- Directed by: Lee Kohlmar
- Written by: Robert Dillon Loyal Underwood
- Starring: Hoot Gibson
- Release date: July 23, 1921;
- Running time: 20 minutes
- Country: United States
- Languages: Silent English intertitles

= The Man Who Woke Up (1921 film) =

1921 film

The Man Who Woke Up is a 1921 American short silent Western film directed by Lee Kohlmar and featuring Hoot Gibson.

==Plot==
This plot come from the Library of Congress, and the original copyright for the film:

"Too Tired Jones," a cowboy with vast and promising cattle interests is a victim of inertia and indifference. So much so that two rustlers of the names of Tucker and Downs are rapidly depleting Jones' band of horses, and they find hazardous work made easy because Jones is too lazy to trail or fight them.

Not so with Wade Harding. His ranch adjoins that of "Too Tired Jones," and whenever the rustlers invaded his ____ and took his stock [paragraph illegible] in the presence of the cowboys it makes Jones mad, fighting mad.
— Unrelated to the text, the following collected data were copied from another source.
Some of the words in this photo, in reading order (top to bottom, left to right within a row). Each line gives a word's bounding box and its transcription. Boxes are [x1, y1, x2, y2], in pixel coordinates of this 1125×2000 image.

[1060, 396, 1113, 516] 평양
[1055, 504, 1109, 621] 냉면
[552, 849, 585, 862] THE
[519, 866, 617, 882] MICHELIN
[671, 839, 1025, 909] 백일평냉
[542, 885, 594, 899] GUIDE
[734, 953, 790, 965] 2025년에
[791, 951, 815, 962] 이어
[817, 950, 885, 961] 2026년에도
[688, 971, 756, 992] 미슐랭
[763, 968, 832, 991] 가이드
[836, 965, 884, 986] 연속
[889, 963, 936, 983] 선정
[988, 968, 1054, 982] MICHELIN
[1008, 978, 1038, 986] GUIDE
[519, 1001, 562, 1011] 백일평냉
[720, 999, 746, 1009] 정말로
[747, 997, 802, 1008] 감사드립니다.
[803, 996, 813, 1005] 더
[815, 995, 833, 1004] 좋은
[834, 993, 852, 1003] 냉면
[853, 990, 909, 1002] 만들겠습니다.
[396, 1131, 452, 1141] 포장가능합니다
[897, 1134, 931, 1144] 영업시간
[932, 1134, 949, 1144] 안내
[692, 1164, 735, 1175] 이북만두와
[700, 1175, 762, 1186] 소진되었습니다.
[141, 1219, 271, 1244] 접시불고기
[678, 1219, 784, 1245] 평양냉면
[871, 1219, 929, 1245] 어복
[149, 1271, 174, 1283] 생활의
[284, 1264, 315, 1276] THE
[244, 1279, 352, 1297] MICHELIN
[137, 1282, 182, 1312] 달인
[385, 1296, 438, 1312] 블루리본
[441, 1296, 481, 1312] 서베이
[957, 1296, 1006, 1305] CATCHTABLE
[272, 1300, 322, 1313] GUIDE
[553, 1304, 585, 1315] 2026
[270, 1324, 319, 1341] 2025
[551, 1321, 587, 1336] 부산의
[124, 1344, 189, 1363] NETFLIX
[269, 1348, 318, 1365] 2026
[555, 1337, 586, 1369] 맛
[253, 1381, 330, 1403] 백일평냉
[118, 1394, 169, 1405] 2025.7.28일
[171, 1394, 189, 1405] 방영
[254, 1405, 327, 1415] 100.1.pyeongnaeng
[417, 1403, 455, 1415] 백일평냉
He awakens from his sub-conscious existence, cleans out the saloon, and Tucker and Downs among them. They follow him to his ranch and knock him on the head. In this condition he is found by Rose and Wade.

From that moment he starts to change into a real live human being. His ranch, long neglected, and in violent disorder, begins to transform. Rose visits him to ask him if he won't get the men in Trail City to attend the Sunday School.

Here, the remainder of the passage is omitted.